Back in Exodus 26 God had provided a plan, a blueprint if you like, for the tabernacle, the tent that he commanded Moses to build.

The tabernacle was the forerunner of the temple, while the people wandered in the desert. And the blueprint was to show people how it ought to be. And it was an incredibly detailed plan, even down to what colour the embroidery needed to be on the curtains.
In the original language, the word for that blueprint of the tabernacle, that’s the same word that’s translated justice here in Isaiah 42.
Justice is God’s blueprint!

It’s how, things, ought, to be.
See what God promises us here in Isaiah 42 is not just that what happens inside the Mount Barker courthouse is always going to be right, and in every other courthouse in the world forever.

I mean, that would be something, wouldn’t it?

But the promise here is much greater,
This is that everything will be established according to God’s plan,
Everything will be done according to God’s blueprint.

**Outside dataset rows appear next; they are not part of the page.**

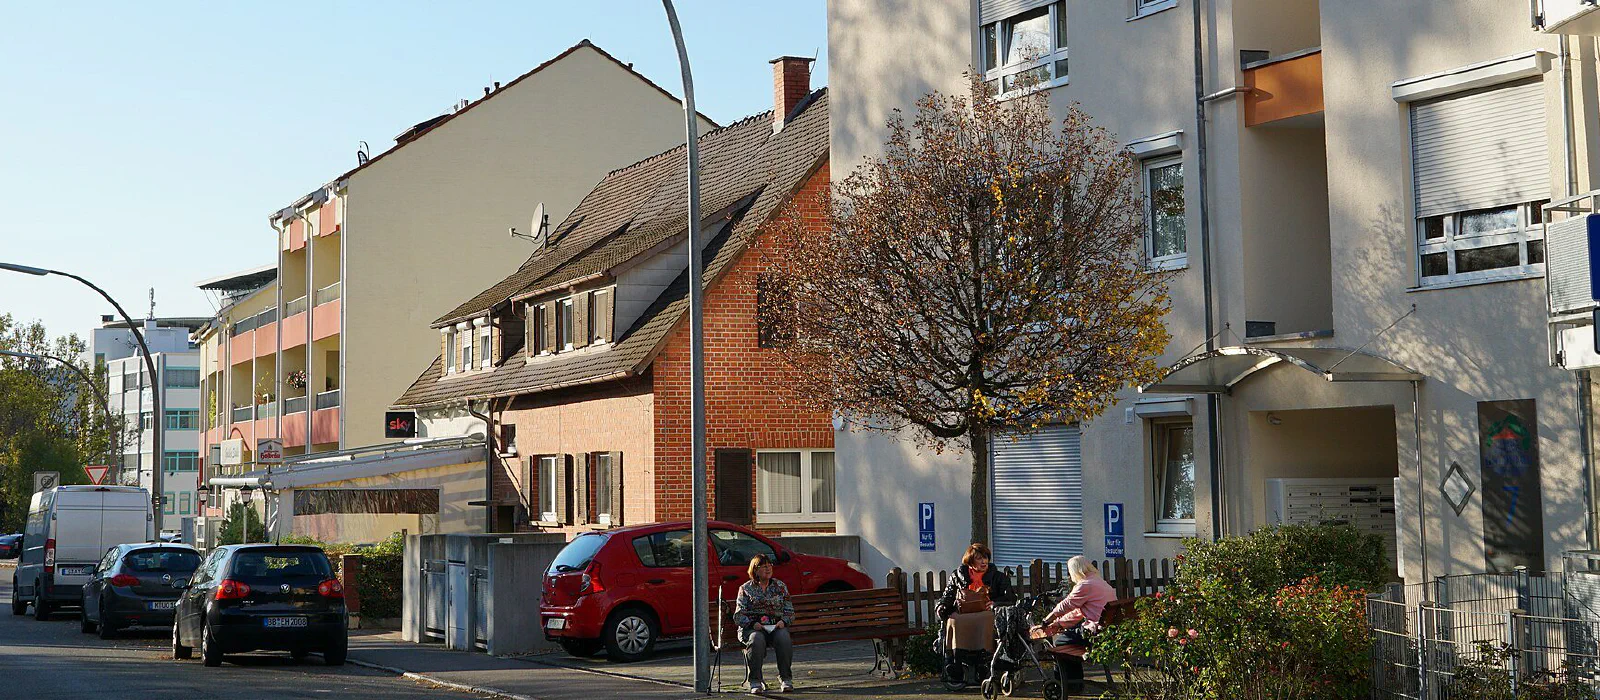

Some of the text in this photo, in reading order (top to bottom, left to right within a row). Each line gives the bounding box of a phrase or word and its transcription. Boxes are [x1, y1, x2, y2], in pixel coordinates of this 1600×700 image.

[389, 417, 411, 432] sky
[1503, 486, 1519, 523] 7
[922, 503, 932, 530] P
[1108, 504, 1120, 533] P
[1105, 546, 1124, 555] Besucher
[1106, 538, 1115, 546] Nur

When the servant of God establishes justice, human relationships will look like human relationships are supposed to look.
Maybe you look at the relationships around you sometimes, the relationships you’re in, perhaps, and maybe think, there’s got to be more than this, surely this isn’t what it’s supposed to be like.
,
When the servant of God establishes justice, our experience of the world, will be as it’s supposed to be.
We’re about to go into the season of “year in review” in the media aren’t we? All the footage and headlines that got our attention in 2017.
Well, let me say now, what all that is going to tell us;,
Our world is not the place it’s supposed to be.
Our world is stained by sin, out of step with its creator, groaning to use the Apostle Paul’s description in Romans 8.
But when the servant of God establishes justice, our world will be, according to the blueprint.
,
When this servant does his work, brings God’s justice, our relationship with God will be as it is supposed to be, according to the blueprint.
That’s the justice that the servant of the Lord brings.
Yes, there will be a righting of wrongs, and if you’ve been hurt by injustice, and you long for justice, then hang on to that promise.
But if wrongs are righted, only to happen again, for more wrong things to be done, what kind of solution is that?

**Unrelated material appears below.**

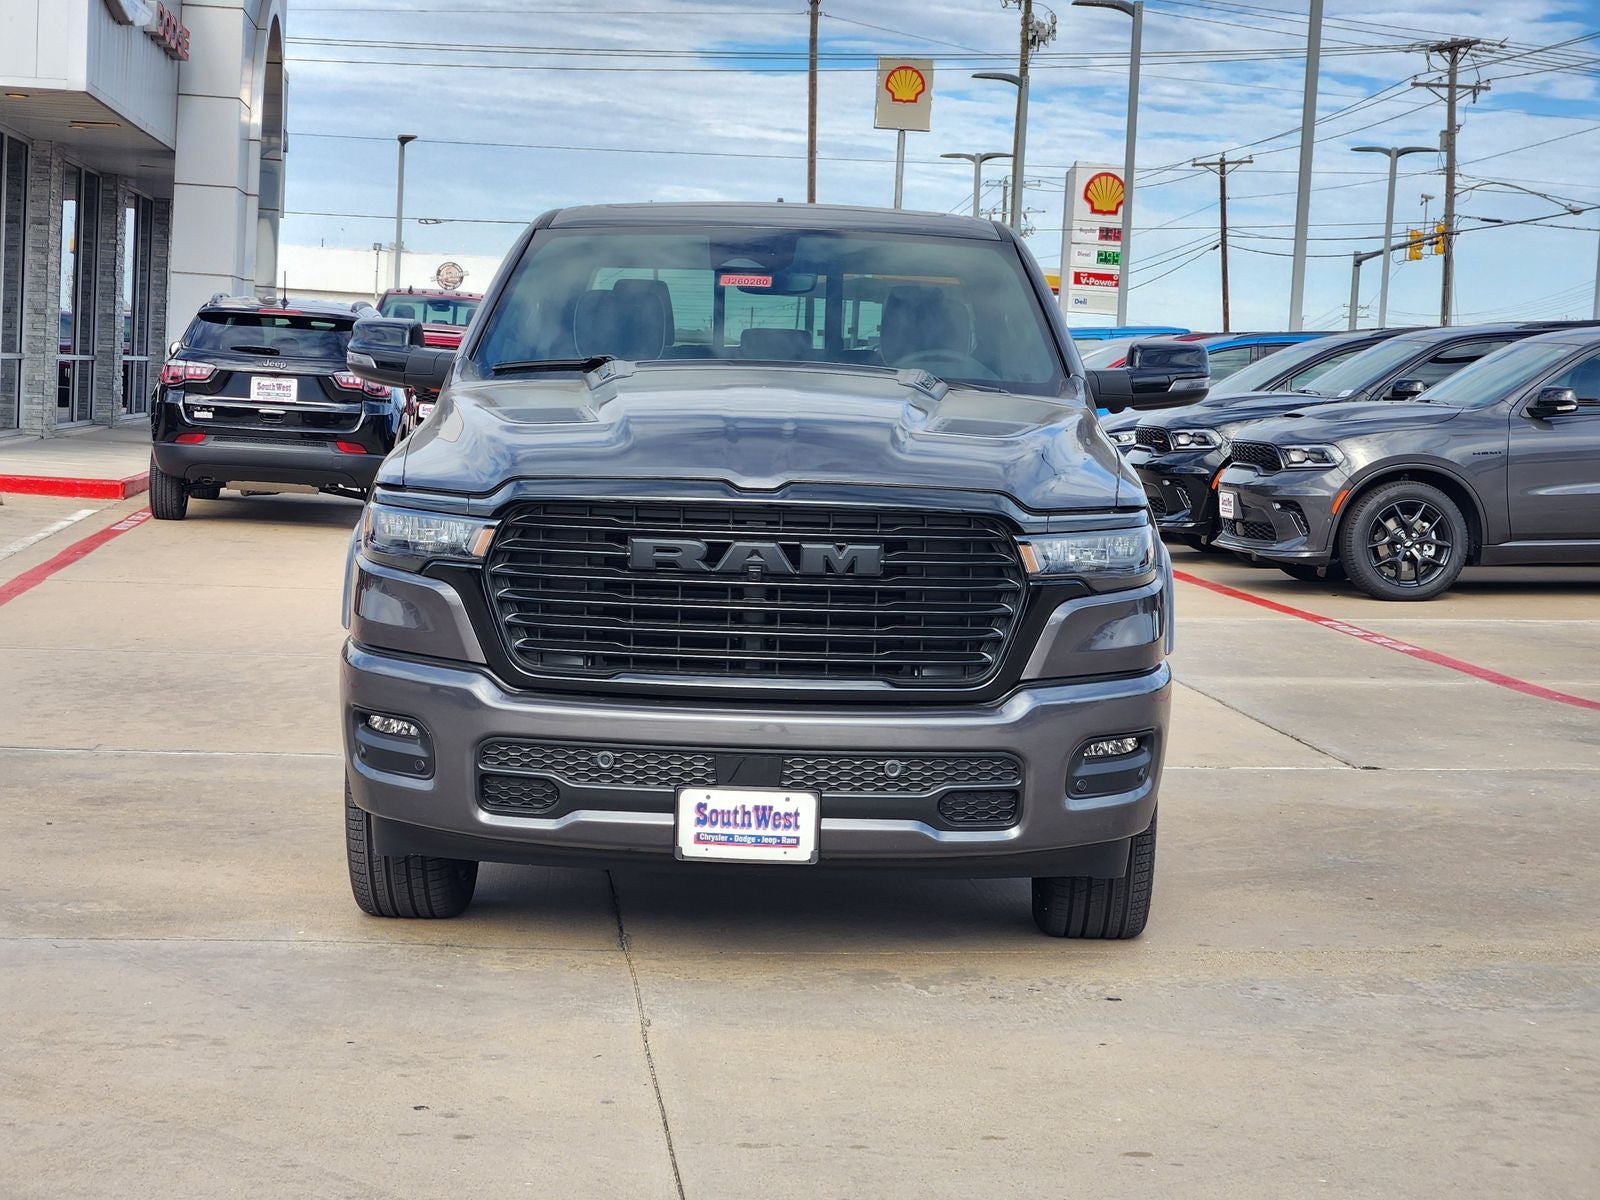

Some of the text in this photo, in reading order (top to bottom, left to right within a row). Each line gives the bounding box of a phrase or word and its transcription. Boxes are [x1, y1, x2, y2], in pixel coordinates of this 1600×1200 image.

[724, 277, 768, 285] J260280
[262, 359, 288, 369] Jeep
[630, 537, 882, 576] RAM
[699, 833, 797, 845] Chrysler Dodge Jeep Ram

If justice is just about law and order, well the law can be established, but won’t the bad guys just find new ways of getting around the law?
The servant’s justice gives us a reason to hope (v 9)
Friends, let’s broaden our picture of justice.

Let’s long for this kind of justice.

Long for, and pray for, the justice that the servant of the lord establishes, as he brings God’s plans, and purposes, and ideals to fruition.

The servant rolls out God’s blueprint across the world.
See that’s why it’s in his teaching, or in his law, that everyone will hope.

This is real reason and confidence for hope, isn’t it?
I don’t know whether you heard that the 2018 Global Atheist Convention in Melbourne has been cancelled, apparently due to “lack of interest.”
The theme was going to be, “A reason to hope.”
I must confess, I found it slightly amusing. It seemed reminiscent of “The psychic fair has been cancelled due to unforeseen circumstances”!
Anyway, it’s not funny that people have been inconvenienced, and no doubt some will be out of pocket, but I thought, “due to lack of interest”, there’s no way in the world that there’s a lack of interest in “a reason to hope.”
The people I speak to, that’s the thing they want almost more than anything else. “Clayton, give me a reason to hope.”

Perhaps it’s what the Atheist Foundation offers as a reason to hope that’s failed to attract the interest. That I can certainly understand.
he will not falter or be discouraged
till he establishes justice on earth.
In his teaching the islands will put their hope.”
Friends, we don’t know what’s in store for us this afternoon,
Tomorrow,
Or next year.

But here is reason to hope.

Real reason.

God’s servant, will build according to Gods’ blueprint.
Justice comes with gentleness (v 3)

 

And God tells us that this justice doesn’t come violently imposed.
The original readers of Isaiah were all too familiar with that kind of rule and authority,
Just in the previous section, God has described how Cyrus, King of Persia would sweep across the known world. Chapter 41 verse 25, He treads on rulers as if they were mortar,
as if he were a potter treading the clay.
Cyrus established his kingdom, and the rule of his law, with the pointy end of a sword, and with the heel of his boot.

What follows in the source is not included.